Der gegen diesen Bescheid erhobenen Berufung wurde mit dem nunmehr beim Verwaltungsgerichtshof angefochtenen Bescheid keine Folge gegeben. In der Begründung ging die belangte Behörde davon aus, dass sich die Waldzustandssituation im Bereich der Bezirksforstinspektion Schwaz im Vergleich zu den Vorjahren verschlechtert habe, während gleichzeitig der Rotwildstand zugenommen habe. Die steigenden Rotwildbestände seien eine wesentliche Ursache für die Verschlechterung des Waldzustandes, insbesondere der Verjüngungssituation. Im gegenständlichen Eigenjagdgebiet habe der Rotwildbestand von 1997 bis 1999 von 22 auf 33 Stück zugenommen. Die von der erstinstanzlichen Behörde vorgenommene Abschussvorschreibung, die sich an den von der Beschwerdeführerin selbst als Maximalabschuss vorgeschlagenen Abschusszahlen orientiert habe, sei daher nicht als "überzogen oder gar unrealistisch" anzusehen; sie entspreche vielmehr dem "gesetzlichen Spielraum der Auslegung des § 37 Abs. 2 TJG 1983". Diese gesetzliche Regelung lasse die von der Beschwerdeführerin vorgeschlagene Festsetzung eines so genannten "Minimum/Maximum-Abschussplanes", also die Festlegung eines Rahmens, innerhalb dessen die Abschüsse zu erfüllen seien, nicht zu.
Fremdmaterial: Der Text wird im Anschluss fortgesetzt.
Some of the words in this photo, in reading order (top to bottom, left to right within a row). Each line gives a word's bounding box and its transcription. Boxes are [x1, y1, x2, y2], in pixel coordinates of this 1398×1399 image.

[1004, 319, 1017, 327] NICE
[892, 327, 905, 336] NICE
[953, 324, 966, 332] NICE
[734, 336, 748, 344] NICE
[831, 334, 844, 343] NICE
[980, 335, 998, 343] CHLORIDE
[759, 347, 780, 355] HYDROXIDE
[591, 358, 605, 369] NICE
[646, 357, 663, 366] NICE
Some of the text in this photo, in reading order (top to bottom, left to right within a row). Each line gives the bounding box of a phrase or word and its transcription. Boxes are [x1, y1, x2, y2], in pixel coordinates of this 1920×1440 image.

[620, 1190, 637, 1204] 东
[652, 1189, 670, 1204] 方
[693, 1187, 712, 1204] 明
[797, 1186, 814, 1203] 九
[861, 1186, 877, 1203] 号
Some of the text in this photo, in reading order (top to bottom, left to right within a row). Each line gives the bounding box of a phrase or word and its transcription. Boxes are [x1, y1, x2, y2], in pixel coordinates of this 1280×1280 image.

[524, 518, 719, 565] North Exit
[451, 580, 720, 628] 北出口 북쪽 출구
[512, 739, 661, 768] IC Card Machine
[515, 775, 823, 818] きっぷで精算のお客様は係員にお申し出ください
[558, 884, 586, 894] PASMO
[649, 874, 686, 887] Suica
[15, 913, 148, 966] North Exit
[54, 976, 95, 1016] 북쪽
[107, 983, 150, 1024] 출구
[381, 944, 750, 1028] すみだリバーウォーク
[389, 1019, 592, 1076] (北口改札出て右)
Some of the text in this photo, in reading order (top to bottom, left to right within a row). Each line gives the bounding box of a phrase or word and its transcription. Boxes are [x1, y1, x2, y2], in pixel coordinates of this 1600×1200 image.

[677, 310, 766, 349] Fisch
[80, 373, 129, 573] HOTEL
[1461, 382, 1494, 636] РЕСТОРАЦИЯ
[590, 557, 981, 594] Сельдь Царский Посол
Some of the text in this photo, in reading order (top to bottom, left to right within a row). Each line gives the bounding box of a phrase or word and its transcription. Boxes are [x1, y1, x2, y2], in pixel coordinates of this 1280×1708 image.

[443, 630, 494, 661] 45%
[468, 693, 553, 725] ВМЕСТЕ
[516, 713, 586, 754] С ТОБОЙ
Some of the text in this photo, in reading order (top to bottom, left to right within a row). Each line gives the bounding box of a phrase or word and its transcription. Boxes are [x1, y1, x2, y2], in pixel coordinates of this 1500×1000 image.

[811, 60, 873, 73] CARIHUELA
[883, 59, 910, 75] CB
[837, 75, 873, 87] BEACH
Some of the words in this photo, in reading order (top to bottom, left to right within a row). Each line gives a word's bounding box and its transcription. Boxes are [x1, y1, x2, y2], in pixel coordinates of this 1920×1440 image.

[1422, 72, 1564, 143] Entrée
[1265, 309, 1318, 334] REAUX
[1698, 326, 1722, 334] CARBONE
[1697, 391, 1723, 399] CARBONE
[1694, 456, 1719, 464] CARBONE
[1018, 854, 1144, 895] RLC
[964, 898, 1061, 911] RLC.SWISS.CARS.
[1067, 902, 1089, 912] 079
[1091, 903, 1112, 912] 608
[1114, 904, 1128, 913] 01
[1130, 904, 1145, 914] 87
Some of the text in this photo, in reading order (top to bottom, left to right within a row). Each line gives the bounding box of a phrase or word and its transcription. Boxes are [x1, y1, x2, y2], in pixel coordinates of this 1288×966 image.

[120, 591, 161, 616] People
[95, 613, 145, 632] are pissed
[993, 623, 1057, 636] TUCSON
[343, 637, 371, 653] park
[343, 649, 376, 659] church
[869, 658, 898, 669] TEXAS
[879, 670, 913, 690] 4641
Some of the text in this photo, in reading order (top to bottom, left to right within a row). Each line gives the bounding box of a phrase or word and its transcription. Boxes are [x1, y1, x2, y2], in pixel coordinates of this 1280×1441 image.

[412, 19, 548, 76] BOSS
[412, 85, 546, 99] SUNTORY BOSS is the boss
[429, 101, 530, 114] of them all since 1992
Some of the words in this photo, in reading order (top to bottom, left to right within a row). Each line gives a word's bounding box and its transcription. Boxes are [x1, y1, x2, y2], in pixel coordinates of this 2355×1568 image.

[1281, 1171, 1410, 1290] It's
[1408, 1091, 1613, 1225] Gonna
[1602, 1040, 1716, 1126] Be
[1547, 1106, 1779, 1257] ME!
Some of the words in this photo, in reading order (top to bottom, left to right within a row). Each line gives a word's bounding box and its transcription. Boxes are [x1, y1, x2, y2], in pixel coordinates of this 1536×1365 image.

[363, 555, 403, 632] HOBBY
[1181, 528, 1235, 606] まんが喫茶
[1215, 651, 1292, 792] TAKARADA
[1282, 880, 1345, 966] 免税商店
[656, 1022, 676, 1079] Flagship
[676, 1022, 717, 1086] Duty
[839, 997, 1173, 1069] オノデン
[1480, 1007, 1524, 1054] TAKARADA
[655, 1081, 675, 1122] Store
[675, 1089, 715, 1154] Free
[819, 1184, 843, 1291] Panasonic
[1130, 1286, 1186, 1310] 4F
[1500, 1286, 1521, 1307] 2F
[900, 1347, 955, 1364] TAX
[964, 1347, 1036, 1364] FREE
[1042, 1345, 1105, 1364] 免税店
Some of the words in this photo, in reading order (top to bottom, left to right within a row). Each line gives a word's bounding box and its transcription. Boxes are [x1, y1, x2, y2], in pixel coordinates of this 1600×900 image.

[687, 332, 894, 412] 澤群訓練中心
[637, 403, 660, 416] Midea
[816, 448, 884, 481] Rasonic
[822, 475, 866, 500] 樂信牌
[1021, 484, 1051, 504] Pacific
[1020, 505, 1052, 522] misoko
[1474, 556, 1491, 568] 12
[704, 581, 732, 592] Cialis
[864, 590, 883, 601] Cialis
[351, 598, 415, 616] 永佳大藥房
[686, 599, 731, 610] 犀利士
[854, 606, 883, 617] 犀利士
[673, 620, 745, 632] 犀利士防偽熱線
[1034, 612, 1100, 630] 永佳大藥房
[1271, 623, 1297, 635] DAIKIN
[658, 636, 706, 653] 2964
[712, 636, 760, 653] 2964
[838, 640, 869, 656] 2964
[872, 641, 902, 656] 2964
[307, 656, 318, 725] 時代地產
Gegen diesen Bescheid richtet sich die vorliegende Beschwerde, über die der Verwaltungsgerichtshof nach Vorlage der Akten des Verwaltungsverfahrens und Erstattung einer Gegenschrift durch die belangte Behörde erwogen hat:

Die im Beschwerdefall maßgebenden Bestimmungen des § 37 TJG

lauten:

"§ 37

Abschussplan

(1) Der Abschuss von Schalenwild - mit Ausnahme von Schwarzwild - von Auer- und Birkhahnen und von Murmeltieren darf nur im Rahmen eines Abschussplanes erfolgen. Dieser ist jeweils für ein Jagdjahr und für ein Jagdgebiet sowie für den Teil eines Jagdgebietes, der Gegenstand eines Jagdpachtvertrages nach § 18 Abs. 1 dritter Satz ist, zu erstellen.

(2) Der Abschussplan ist so zu erstellen, dass der für das betreffende Jagdgebiet oder für den betreffenden Teil eines Jagdgebietes mit Rücksicht auf dessen Größe und Lage, auf die natürlichen Äsungsverhältnisse, auf den natürlichen Altersaufbau, auf ein ausgewogenes zahlenmäßiges Verhältnis zwischen männlichem und weiblichem Wild und auf die Interessen der Landeskultur angemessene Wildstand erreicht und erhalten, aber nicht überschritten wird. Bei der Erstellung des Abschussplanes ist im Interesse einer großräumigen Jagdbewirtschaftung auf die Wildstandsverhältnisse der benachbarten Jagdgebiete Bedacht zu nehmen.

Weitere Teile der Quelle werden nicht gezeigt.